Activity |
With the pictures excluded, reproduce all of the data exactly.

==== Recorded data

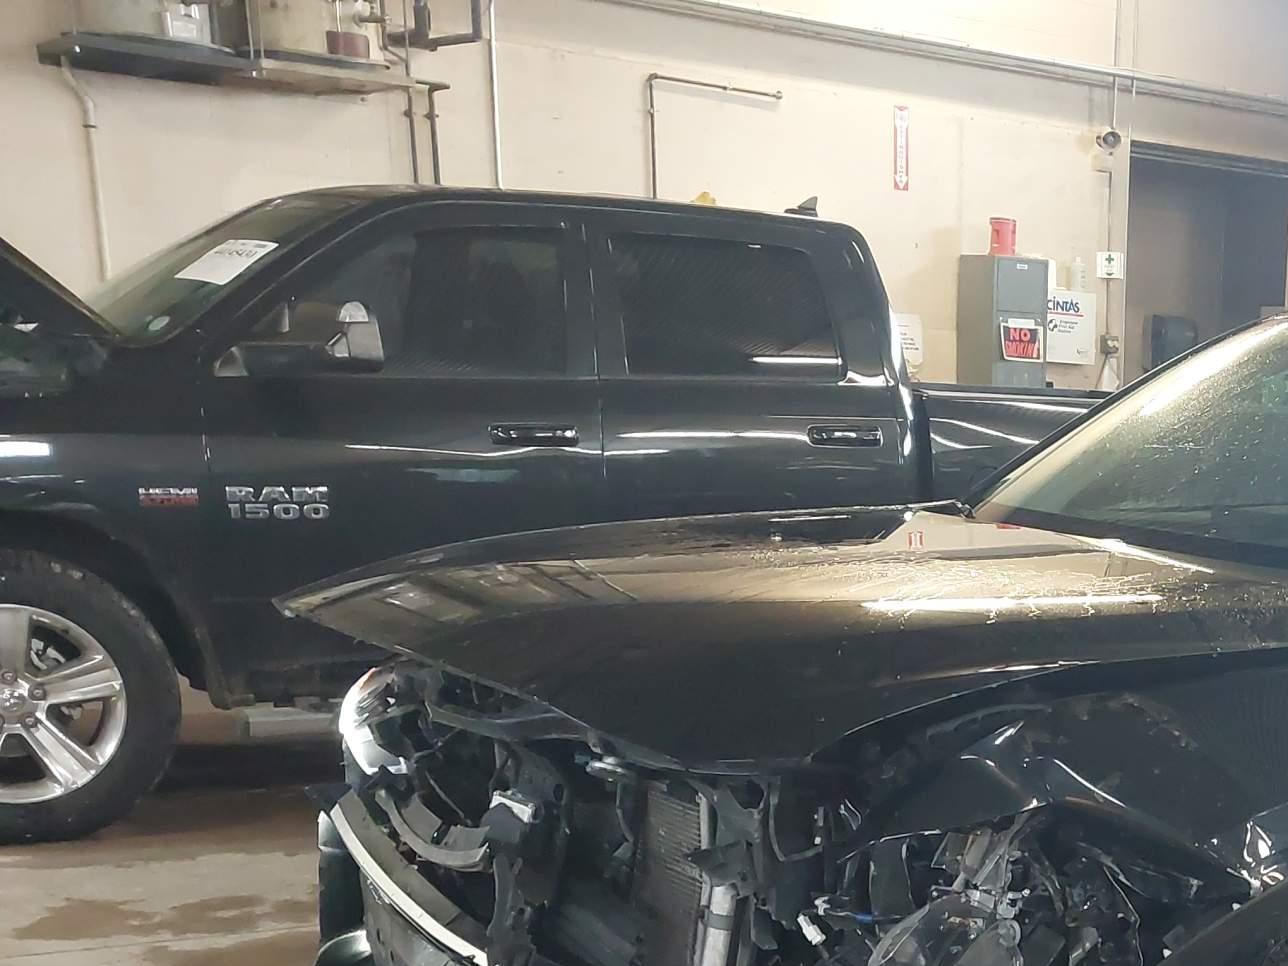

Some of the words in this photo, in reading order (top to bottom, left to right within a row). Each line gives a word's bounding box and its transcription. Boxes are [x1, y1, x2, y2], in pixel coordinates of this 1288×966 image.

[1009, 328, 1031, 342] NO
[225, 486, 328, 502] RAM
[228, 504, 331, 520] 1500
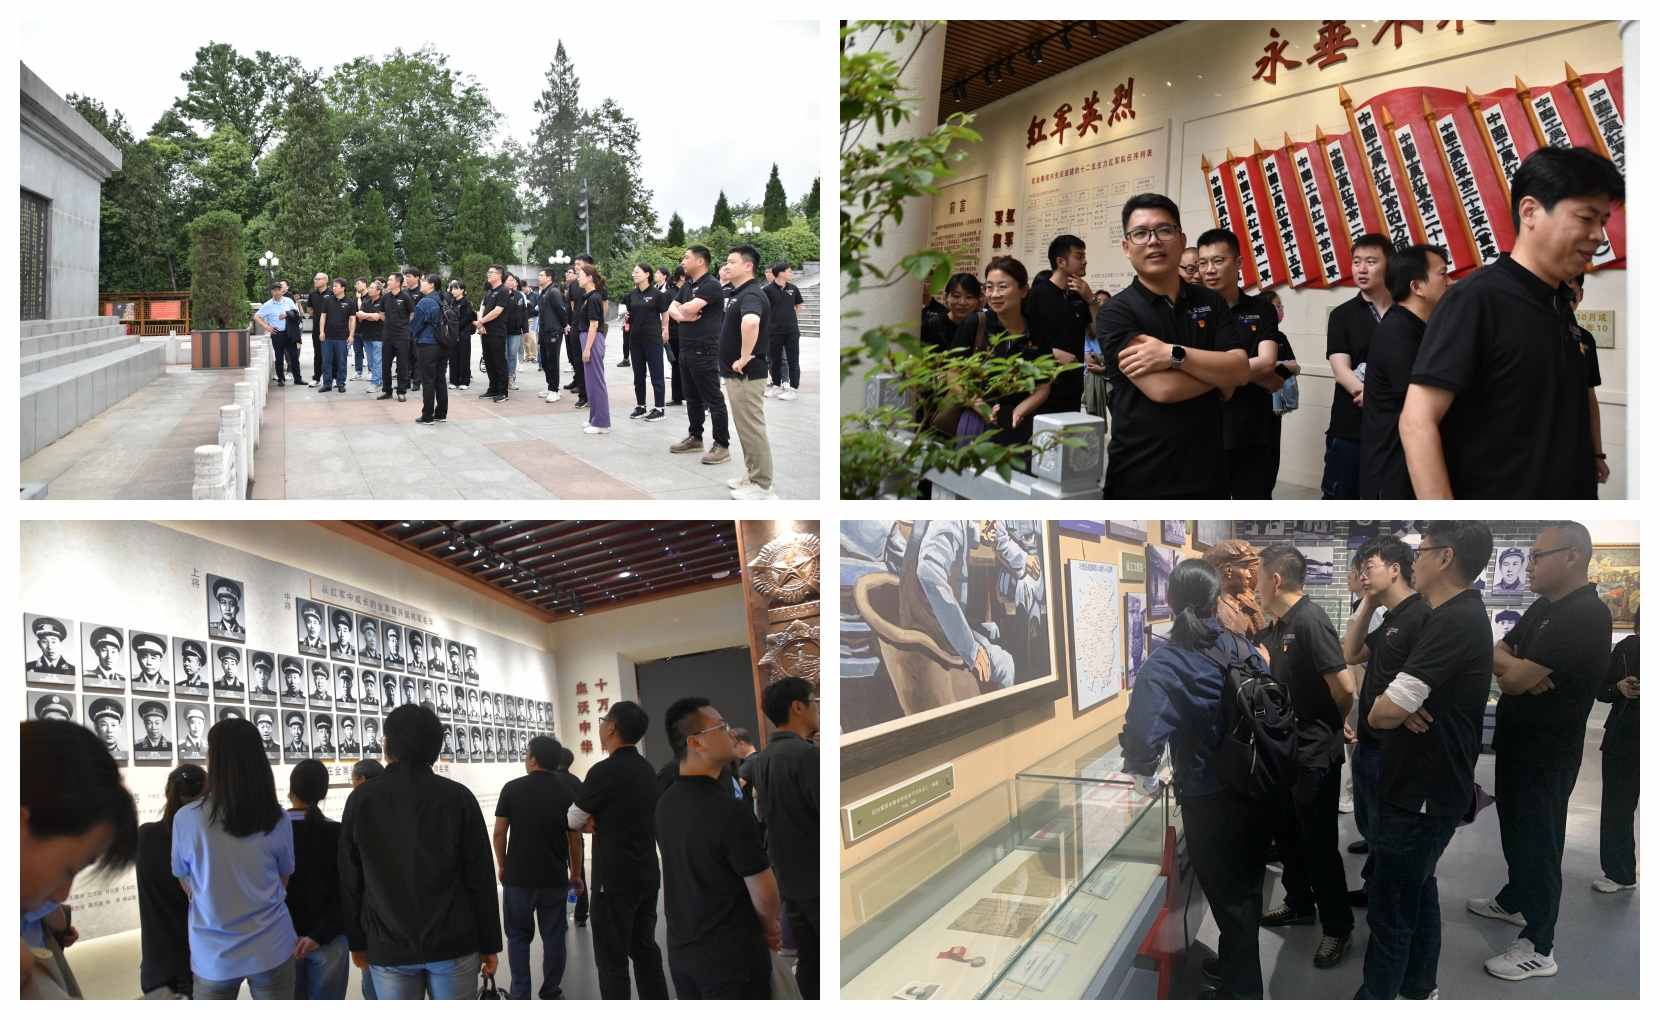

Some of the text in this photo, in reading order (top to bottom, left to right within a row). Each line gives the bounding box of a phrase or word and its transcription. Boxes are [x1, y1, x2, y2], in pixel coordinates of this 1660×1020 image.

[1252, 20, 1497, 83] 永垂不
[1026, 77, 1136, 150] 红军英烈
[949, 199, 966, 215] 前言
[1210, 175, 1231, 232] 中國工農紅
[1003, 208, 1016, 260] 红军
[190, 567, 200, 589] 上将
[284, 592, 292, 611] 中将
[321, 583, 434, 627] 从红军中成长的金寨籍开国将军名录
[576, 680, 594, 755] 血沃中华

========

Response to the task |
Some of the words in this photo, in reading order (top to bottom, left to right within a row). Each line gives a word's bounding box and its transcription. Boxes are [x1, y1, x2, y2], in pixel coordinates of this 1288×966 image.

[1009, 328, 1031, 342] NO
[225, 486, 328, 502] RAM
[228, 504, 331, 520] 1500

Some of the text in this photo, in reading order (top to bottom, left to right within a row). Each line gives the bounding box of a phrase or word and its transcription. Boxes are [x1, y1, x2, y2], in pixel coordinates of this 1660×1020 image.

[1252, 20, 1497, 83] 永垂不
[1026, 77, 1136, 150] 红军英烈
[949, 199, 966, 215] 前言
[1210, 175, 1231, 232] 中國工農紅
[1003, 208, 1016, 260] 红军
[190, 567, 200, 589] 上将
[284, 592, 292, 611] 中将
[321, 583, 434, 627] 从红军中成长的金寨籍开国将军名录
[576, 680, 594, 755] 血沃中华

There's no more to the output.